Since the debut of the BBC’s “What Not to Wear” in 2001, a proliferation of makeover shows has attempted to teach women how to dress, while personal shoppers have become almost ubiquitous in department stores. Books such as “Style Clinic” by Paula Reed, or Nina Garcia’s “The Little Black Book of Style” have laid down rules and regulations for how to conceal your hips (a-line dresses), or what colours to choose to suit your hair and skin tone.
Yet for many women this vast re-education project has failed to take. Still they look a dull, badly co-ordinated mess. Is it that these women do not care what they wear or what they look like? It seems unlikely—for if they did, their choice of clothes would be more truly random: they would buy the first thing they saw when they walked into the shop, or wear what they already owned until it fell to pieces. Yet I often see women trying on outfits that make them look ten years older, that drown their shapes, in shades that draw all colour from their now-lifeless skin. They gaze intently at their reflection. They ask a friend or husband for their opinion. Does it suit me, they ask? Do you think it’s too short? Do they have it in another colour? Should I get the next size up?
On occasion I have even been bold enough to intervene, and begged them not to buy something so unflattering. Sometimes this works, and they put the shapeless beige sack back.

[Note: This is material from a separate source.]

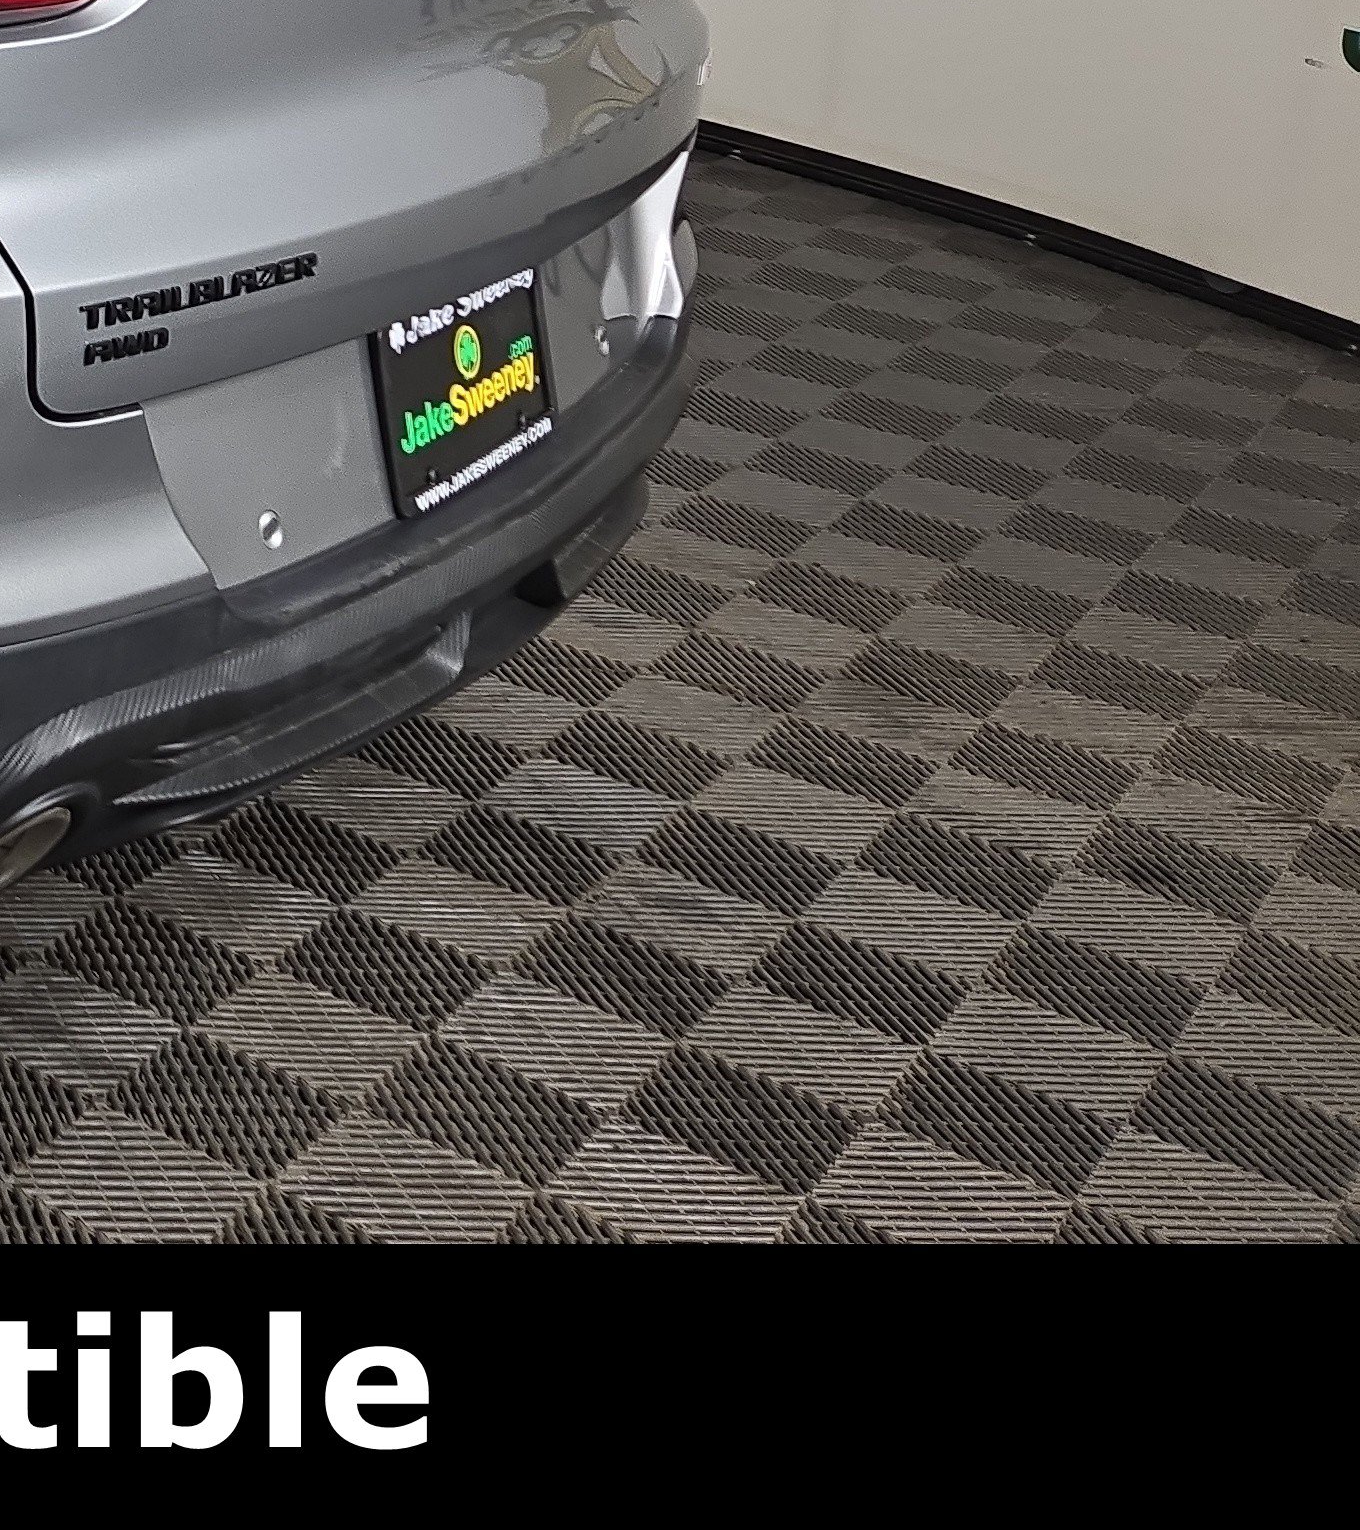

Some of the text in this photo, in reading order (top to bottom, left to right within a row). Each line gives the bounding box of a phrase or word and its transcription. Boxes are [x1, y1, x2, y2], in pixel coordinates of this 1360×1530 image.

What business is it of mine what people wear? The answer is, it’s everyone’s business. Other people’s clothes are part of the background music of our lives. As we walk about we can hardly avoid the sight of others; and just as it is a pleasure to gaze upon a good-looking man or woman (however unfair that may be to the rest of us), so it is a delight to see a really stylish man or woman. You don’t have to be young, thin or rich to be stylish; merely to care about what you look like, to take an interest, to regard dress as part of aesthetics, like architecture and landscape.
Earlier this year, Marks & Spencer introduced a particularly risible a-line calf-length denim skirt. It disappeared at once from their stores nationwide. Hopes were briefly raised that irate fashionistas had torn the skirt from the rails in an act of sartorial revolution, but no, it was shoppers who loved it so much that it sold out at once. Here at last was the ideal frumpy item: a skirt not out of date but never fashionable in the first place.
Why did so many women buy the thing? Perhaps it’s simply that they like dowdy clothes, clothes with a straightforward lack of noticeability that chimes with their own personalities. Just as Coco Chanel always wore black or Victoria Beckham invariably carries a matching handbag, frumpy garments, hideous as they might seem to others, are a valid expression of the wearers’ character. They may actively wish to resemble a mid-1970s geography teacher, fondly remembering her reassuring neutrality. In a world of style aggressively attaching itself to the humblest of objects, from pastel Smeg fridges to Cath Kidston dog beds, there is comfort to be gained from heading in the opposite direction.
Dowdy dressers have the same right to be provided for by the retail trade as fashion victims who crave leather leggings, and everyone else in between. But I suspect that many women’s apparent desire to dress invisibly conceals a rats’ nest of insecurities. Wanting people not to look at you can be caused by anxiety about your size; or your shape; or your age. It might even be caused by uncertainty about your actual identity. If you don’t know who you are—or don’t like what you are—how can you accurately express or define yourself through clothes? So wince, if you must, as a badly dressed woman passes by; but remember that the prompts for her choices were, probably, not entirely sartorial.